Author Contributions

Conceptualization, B.R.L., M.A. and J.I.T.; methodology, B.R.L., M.A. and J.I.T.; software, B.R.L. and M.A.; validation, B.R.L.; data curation, B.R.L.; writing—original draft preparation, B.R.L.; writing—review and editing, B.R.L., M.A. and J.I.T.; supervision, J.I.T.; project administration, J.I.T.; funding acquisition, J.I.T. All authors have read and agreed to the published version of the manuscript.

Institutional Review Board Statement

This study was not subject to institutional review board (IRB) approval as all data used were publicly available from fastmri.org (accessed on 1 March 2022) and mridata.org (accessed on 1 March 2022) and previously released with IRB approval and informed consent.

Informed Consent Statement

Written informed consent was not required, as all data used were publicly available and previously released with IRB approval and informed consent.

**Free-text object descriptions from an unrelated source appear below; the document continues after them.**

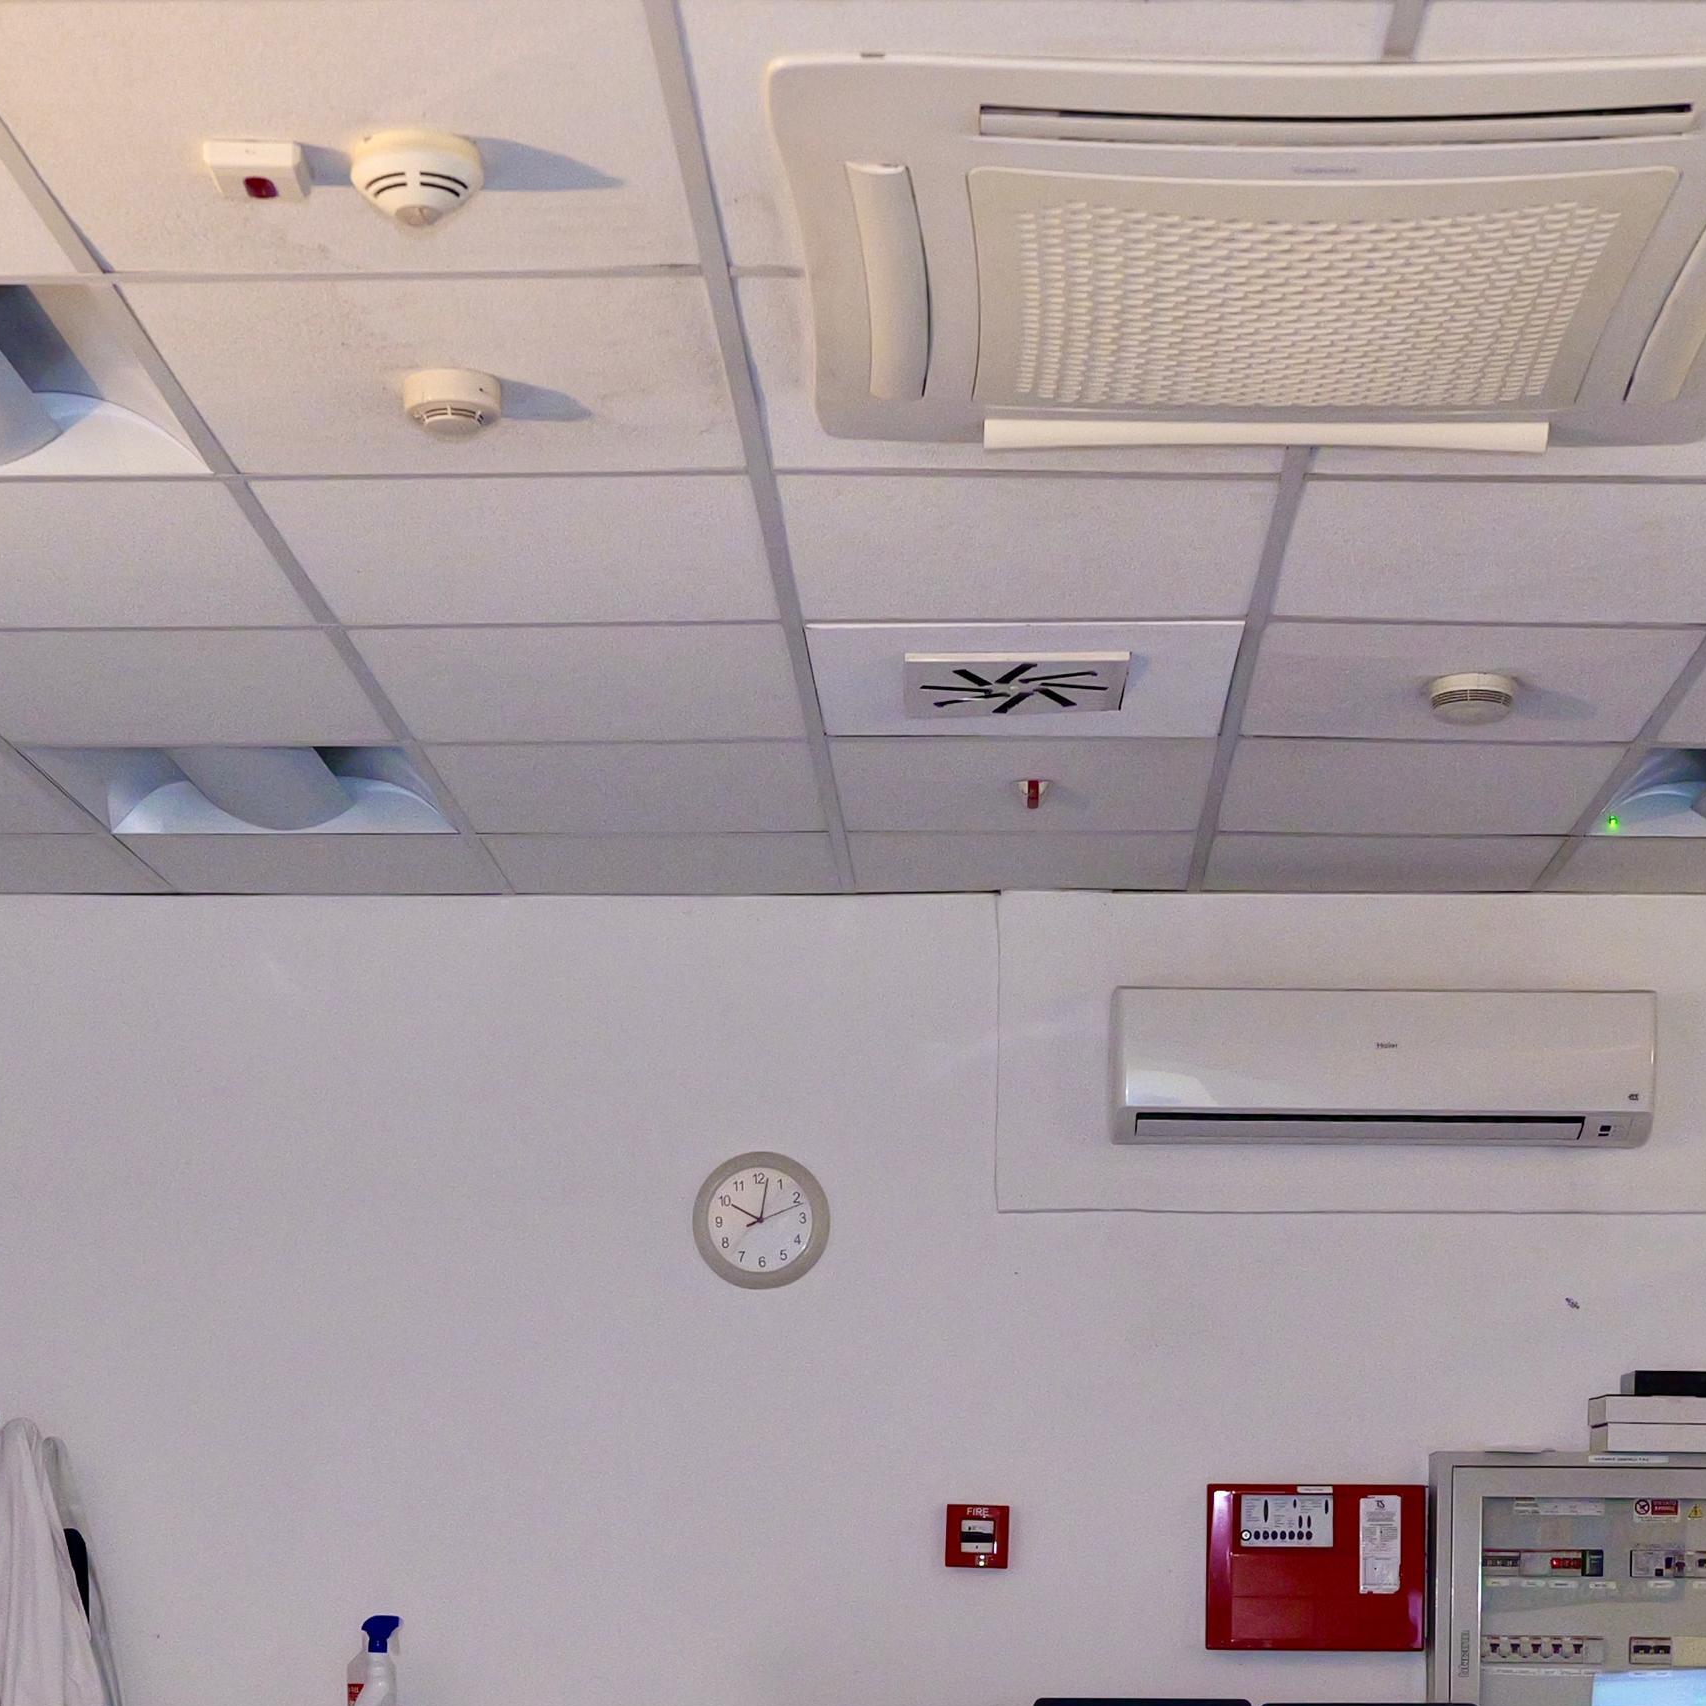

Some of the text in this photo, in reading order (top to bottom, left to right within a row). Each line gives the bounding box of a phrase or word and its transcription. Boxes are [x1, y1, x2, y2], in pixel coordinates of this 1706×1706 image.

[753, 1172, 765, 1184] 12
[733, 1180, 744, 1191] 11
[777, 1179, 783, 1190] 1
[719, 1194, 731, 1207] 10
[793, 1191, 801, 1204] 2
[715, 1216, 723, 1228] 9
[799, 1212, 807, 1224] 3
[721, 1237, 729, 1249] 8
[794, 1234, 801, 1245] 4
[738, 1250, 746, 1263] 7
[780, 1249, 788, 1261] 5
[758, 1256, 766, 1268] 6
[966, 1507, 989, 1516] FIRE

Data Availability Statement

In all our experiments, we used publicly available datasets. These are available through the fastMRI project at https://fastmri.org/ (accessed on 1 March 2022), as well as the open repository at http://mridata.org/ (accessed on 1 March 2022). Code to reproduce results in this work will be made available at https://github.com/utcsilab/Unrolled_FedLrn (accessed on 6 February 2023) following publication.

Conflicts of Interest

The authors declare no conflict of interest.

Funding Statement

This research was funded by NSF IFML 2019844, NIH U24EB029240, UT Machine Learning Lab, an AWS Machine Learning Research Award, and an Oracle Research Fellows Award. M.A. contributed to this work while affiliated with the University of Texas at Austin, Austin, USA. This work does not reflect the views or position of Intel Corporation.